Lo si impara quando l'unica scelta è la strada di cui si deve imparare le regole non scritte, ma vive, palpabili, fin troppo  violente. Se non si riesce a vibrare armonicamente e in sintonia con quel mondo, ci si ritrova a scivolare verso un senso di estraneità a tutti suoni e colori che ti circondano. si comincia a sentire e far proprio uno stato di non appartenenza. Probabilmente troppo fragili e impreparati per quel paradigma. Sarebbe stato più facile fare come i tanti e assecondarne le aspettative. Tutto sommato sarebbe stato quasi naturale, per certi versi, forse, persino obbligato.  Certamente più difficile, complesso cercare di rimanerne fuori. Ma quasi mai è una scelta cosciente. E' un ritrovarsi a fare i conti con sè stessi. E', quasi, una condanna alla solitudine anche in mezzo alla folla. E' un essere messo costantemente e brutalmente alla prova. Come quando un dolore empatico  segnò l'infanzia per quel  vicino di banco cui morì  improvvisamente la madre. Talmente forte e insopportabile il rimbalzo del dolore da chiedere alla propria, di madre, e piangendo di cambiare classe. E anche quando si mise a repentaglio la propria incolumità per difendere un amichetto da una violenza gratuita e vigliacca. Erano più grandi e le si è prese, ma di fronte al dolore e alle ingiustizie, devo dire, il senso di estraneità, da sempre, vacilla.  Comunque, al di là degli episodi, non sapendolo ancora,  in quei momenti iniziava il personale percorso di riscatto. Riscatto che, per molti, è scalata sociale, riconoscimento economico e supina accettazione delle regole del vivere civile e borghese. Per il potenziale estraneo era sforzo di comprensione, lavoro sfibrante e continuo su sé stesso. Nonostante le innumerevoli sbucciature di ginocchia e rotture di denti per gli ostacoli non previsti e non prevedibili, su cui inevitabilmente si andava a sbattere.
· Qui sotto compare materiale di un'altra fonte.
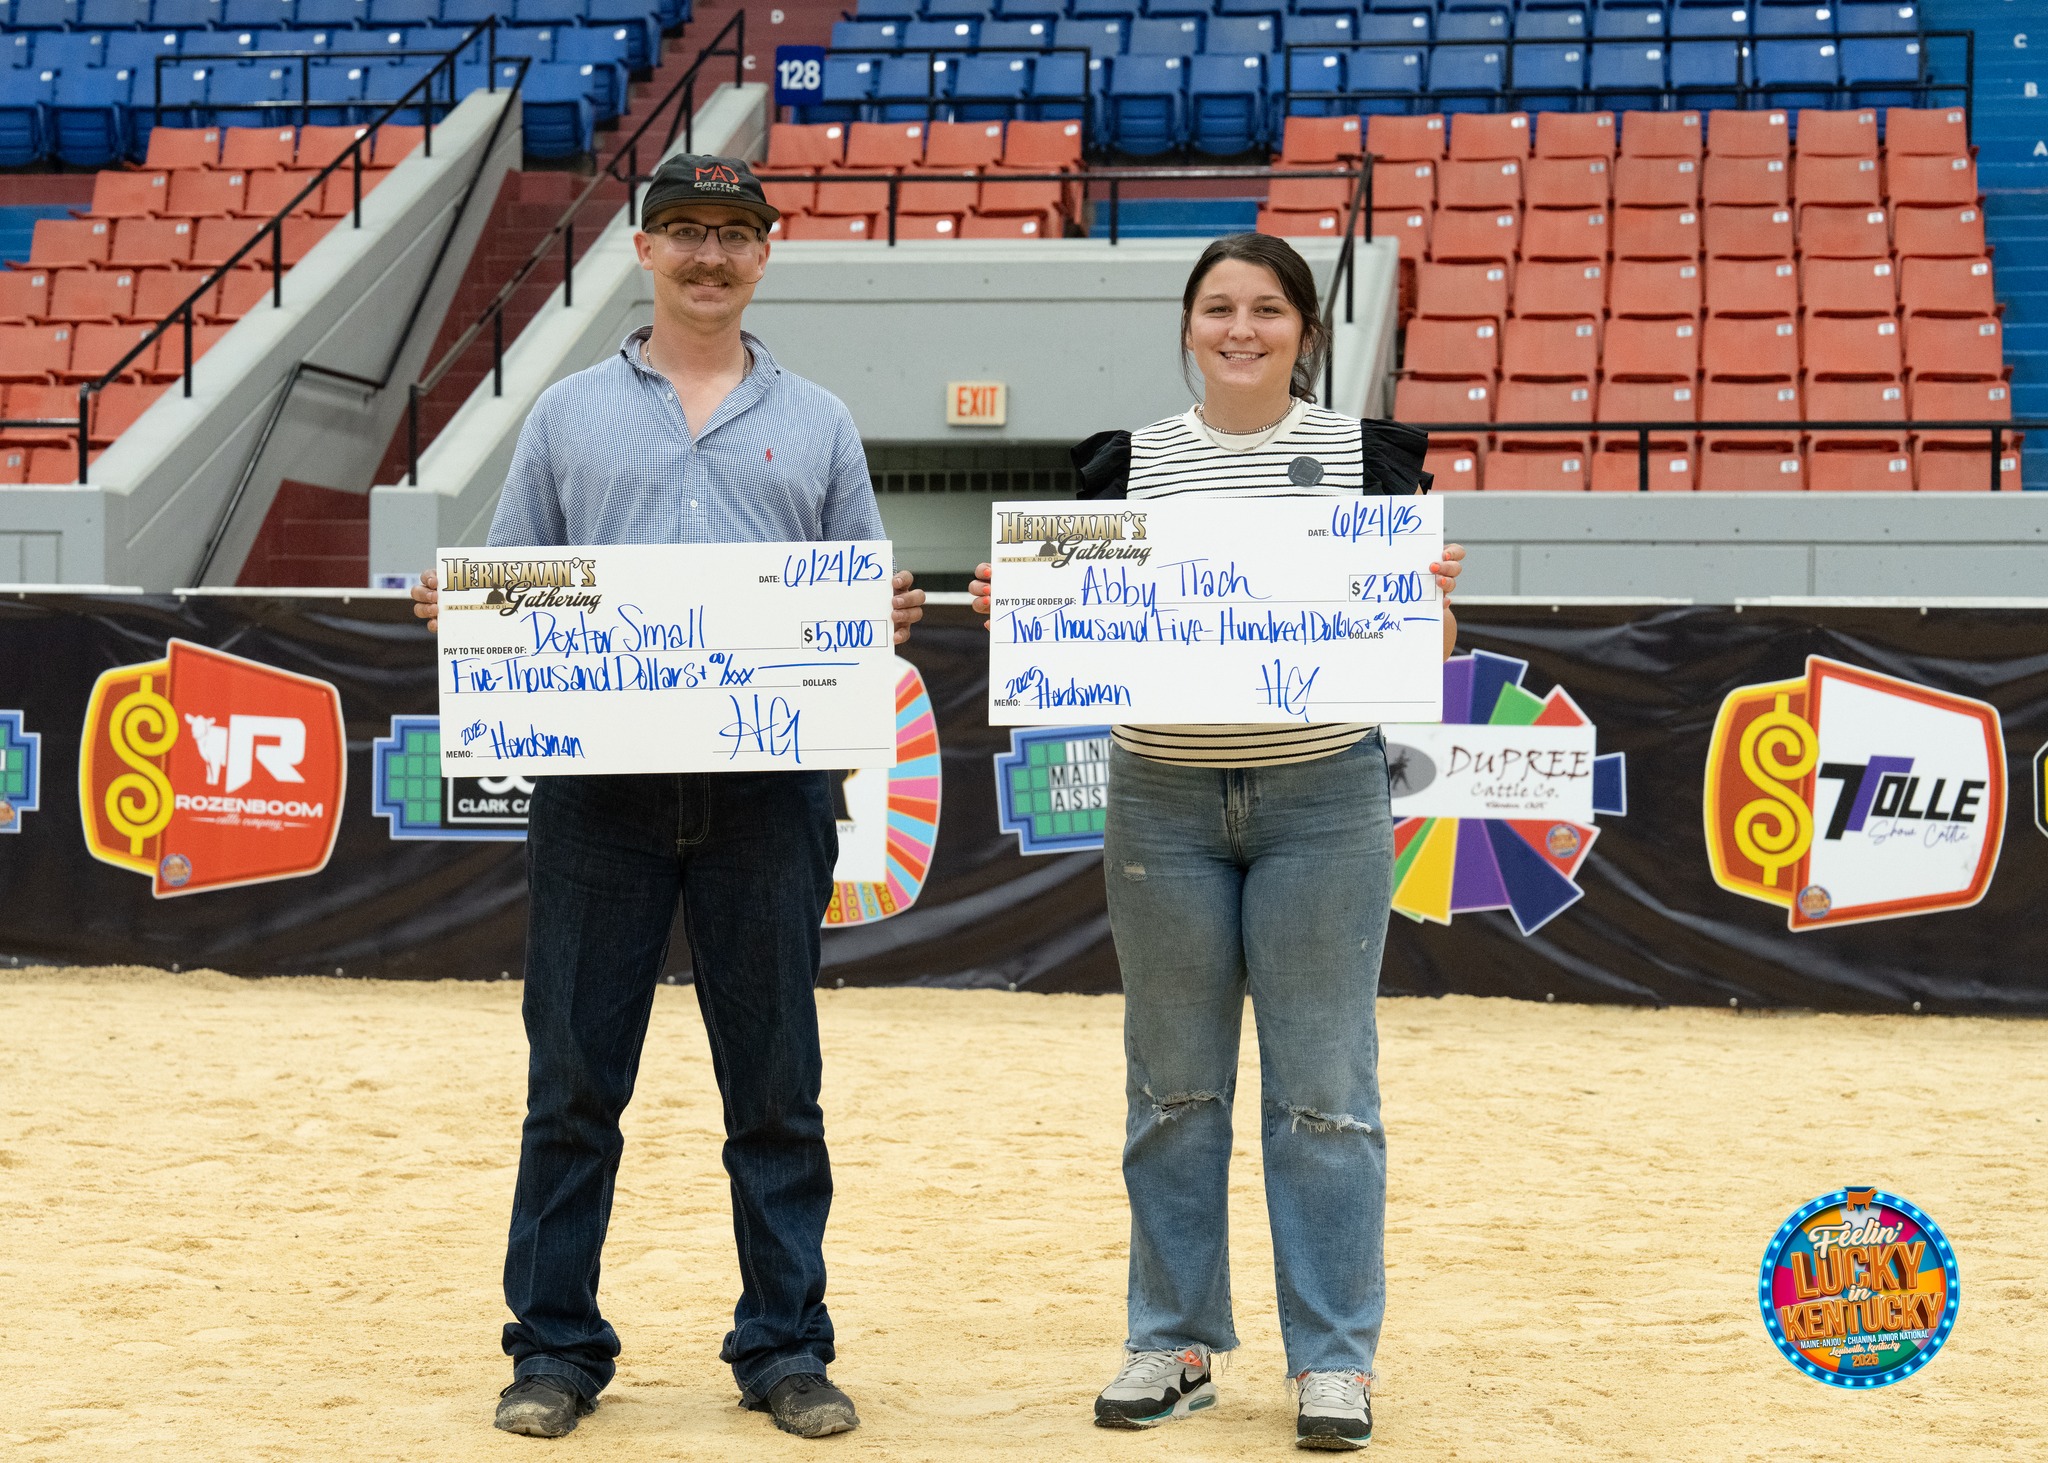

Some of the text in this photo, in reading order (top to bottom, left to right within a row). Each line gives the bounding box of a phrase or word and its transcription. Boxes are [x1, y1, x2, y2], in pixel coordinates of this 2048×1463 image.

Col tempo si capisce  che, anche,il senso di estraneità non può spingersi fino al punto estremo di affidare al caso e alle bizzarie della vita la propria incolumità, o comportare l' inazione rispetto le ingiustizie. Con pazienza si sono ricercati i migliori prodotti impermeabili da spalmare sull' anima. Creare una barriera fra la  pelle e il resto del mondo sembra essere necessario per girovagare nelle strade della vita. Strade che, più si cresce  e più aumentano di numero rendendo, conseguentemente, sempre più problematica la scelta di quella giusta:
Hai fatto la conoscenza con le suadenti sirene piazzate strategicamente su ognuna di esse, con le loro luci, i loro richiami, le loro sfavillanti promesse di felicità. Lo sforzo per resistere a quegli inviti sarebbe stato sicuramente superiore alle proprie forze, se non ci si fosse trovati fin da subito a coltivare l’estraneità. Coscienti di essere nel mondo con le sue regole incomprensibili, ma altrettanto decisi a non farsi travolgere dai suoi flutti e affondare nei suoi gorghi. Si è costretti, spesso, a scegliere l'ombra come condizione necessaria. Ai lati della strada, non come rancorosi e bramosi spettatori, come si sembra esser condannati, ma come coscienti e attenti osservatori. Solo apparentemente ai margini dell' ininterotto fluire vitale, perchè, altrettanto inevitabilmente, si è esposti anche agli schizzi di fango e.....di peggio.  D'altra parte non si è sulla terra per scivolare su di essa, ma per conoscere le sue impurità, le sue contraddizioni, i suoi limiti. Qui non potrai mai volare,  è vero, ma non è detto che l' unica alternativa sia affogare nella melma. Anche se è altrettanto vero che, qualche contaminazione, è inevitabile che ci tocchi e ci segni.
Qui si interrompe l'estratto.